Address comments.

fzou1 · fzou1 · commit e28c3230bbb3 · 2024-10-30T09:53:20.000+08:00
diff --git a/clang/lib/Headers/amxfp8intrin.h b/clang/lib/Headers/amxfp8intrin.h
@@ -1,4 +1,4 @@
-/*===---------- amxfp8intrin.h - AMX intrinsics -*- C++ -*------------===
+/*===------------- amxfp8intrin.h - AMX intrinsics -*- C++ -*----------------===
  *
  * Part of the LLVM Project, under the Apache License v2.0 with LLVM Exceptions.
  * See https://llvm.org/LICENSE.txt for license information.
@@ -15,9 +15,68 @@
 #define __AMXFP8INTRIN_H
 #ifdef __x86_64__
 
+
+/// Compute dot-product of brain-float8 (BF8) or hybrid-float8 (HF8)
+///    floating-point pairs in tiles \a a and \a b, accumulating the
+///    intermediate single-precision (32-bit) floating-point elements with
+///    elements in \a dst, and store the 32-bit result back to tile \a dst.
+///
+/// \headerfile <immintrin.h>
+///
+/// \code
+/// void _tile_dpbf8ps (__tile dst, __tile a, __tile b)
+/// \endcode
+///
+/// This intrinsic corresponds to the \c TDPBF8PS instruction.
+///
+/// \param dst
+///    The destination tile. Max size is 1024 Bytes.
+/// \param a
+///    The 1st source tile. Max size is 1024 Bytes.
+/// \param b
+///    The 2nd source tile.

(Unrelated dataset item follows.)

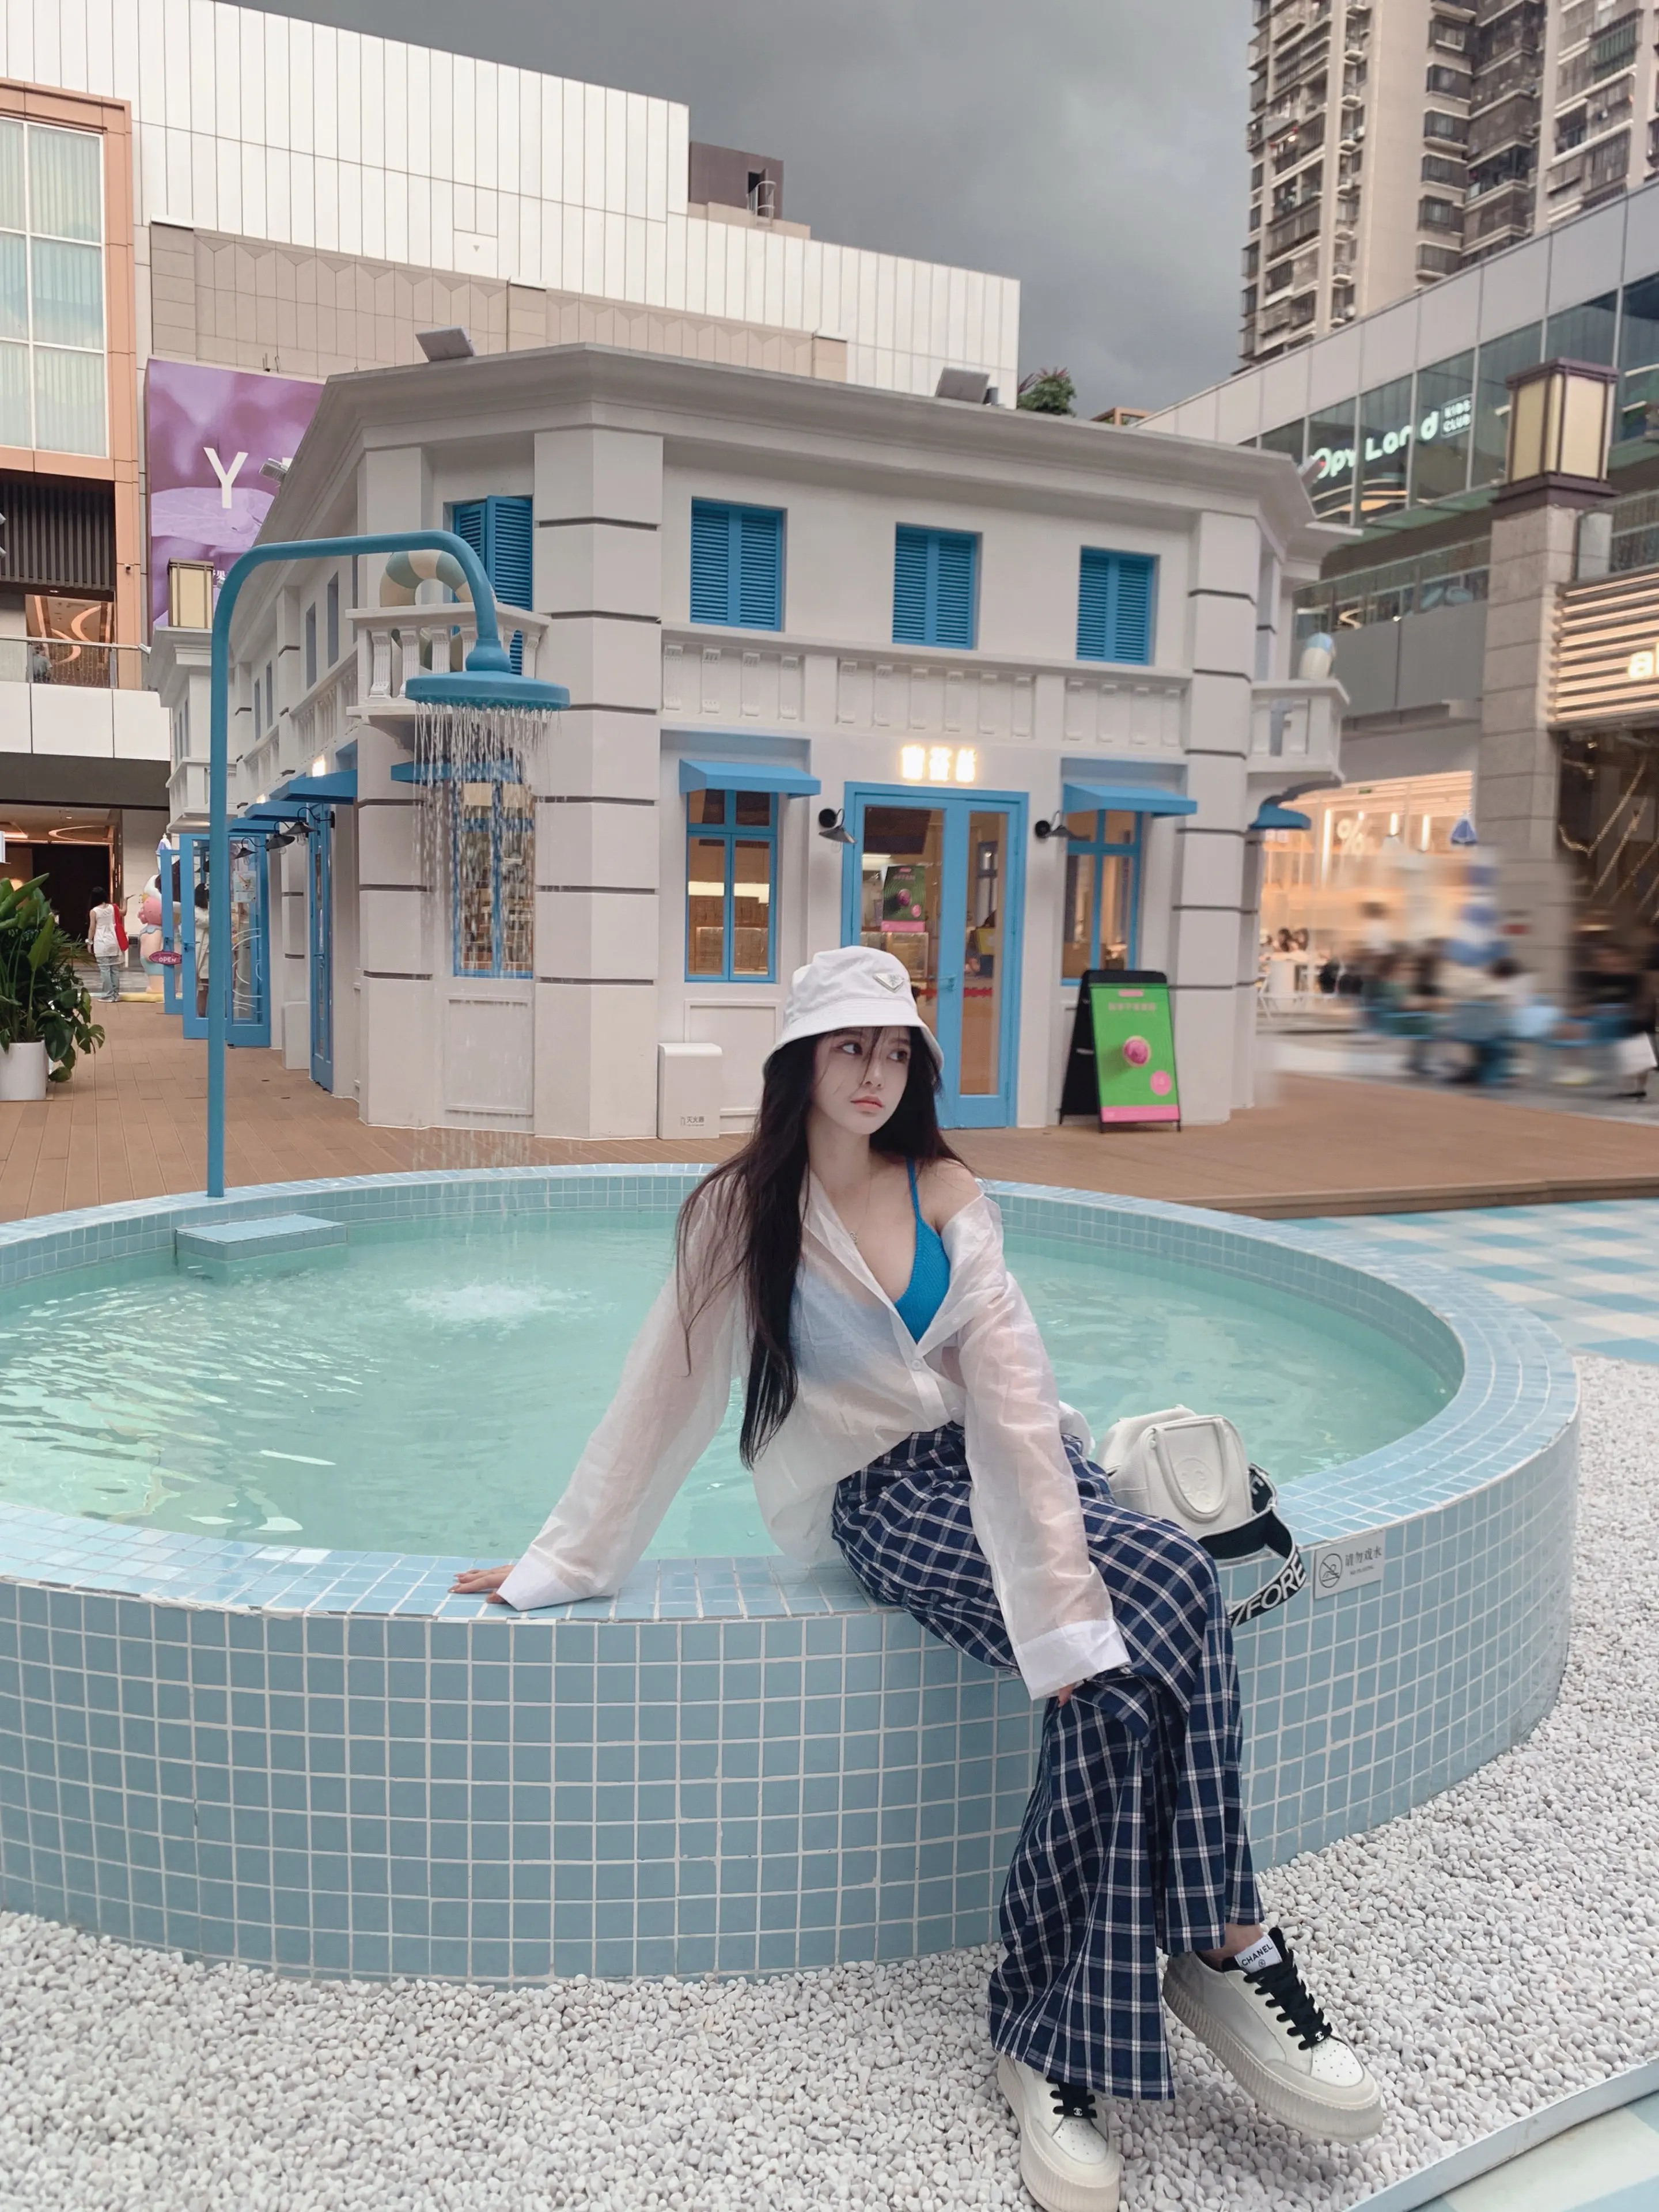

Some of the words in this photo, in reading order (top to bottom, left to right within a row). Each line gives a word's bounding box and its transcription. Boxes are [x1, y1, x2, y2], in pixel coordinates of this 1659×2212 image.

[1445, 399, 1471, 418] KIDS
[1443, 414, 1471, 433] CLUB
[1241, 1944, 1273, 1966] CHANEL

Max size is 1024 Bytes.
 #define _tile_dpbf8ps __builtin_ia32_tdpbf8ps
+
+/// \code
+/// void _tile_dpbhf8ps (__tile dst, __tile a, __tile b)
+/// \endcode
+///
+/// This intrinsic corresponds to the \c TDPBHF8PS instruction.
+///
+/// \param dst
+///    The destination tile. Max size is 1024 Bytes.
+/// \param a
+///    The 1st source tile. Max size is 1024 Bytes.
+/// \param b
+///    The 2nd source tile. Max size is 1024 Bytes.
 #define _tile_dpbhf8ps __builtin_ia32_tdpbhf8ps
+
+/// \code
+/// void _tile_dphbf8ps (__tile dst, __tile a, __tile b)
+/// \endcode
+///
+/// This intrinsic corresponds to the \c TDPHBF8PS instruction.
+///
+/// \param dst
+///    The destination tile. Max size is 1024 Bytes.
+/// \param a
+///    The 1st source tile. Max size is 1024 Bytes.
+/// \param b
+///    The 2nd source tile. Max size is 1024 Bytes.
 #define _tile_dphbf8ps __builtin_ia32_tdphbf8ps
+
+/// \code
+/// void _tile_dphf8ps (__tile dst, __tile a, __tile b)
+/// \endcode
+///
+/// This intrinsic corresponds to the \c TDPHF8PS instruction.
+///
+/// \param dst
+///    The destination tile. Max size is 1024 Bytes.
+/// \param a
+///    The 1st source tile. Max size is 1024 Bytes.
+/// \param b
+///    The 2nd source tile. Max size is 1024 Bytes.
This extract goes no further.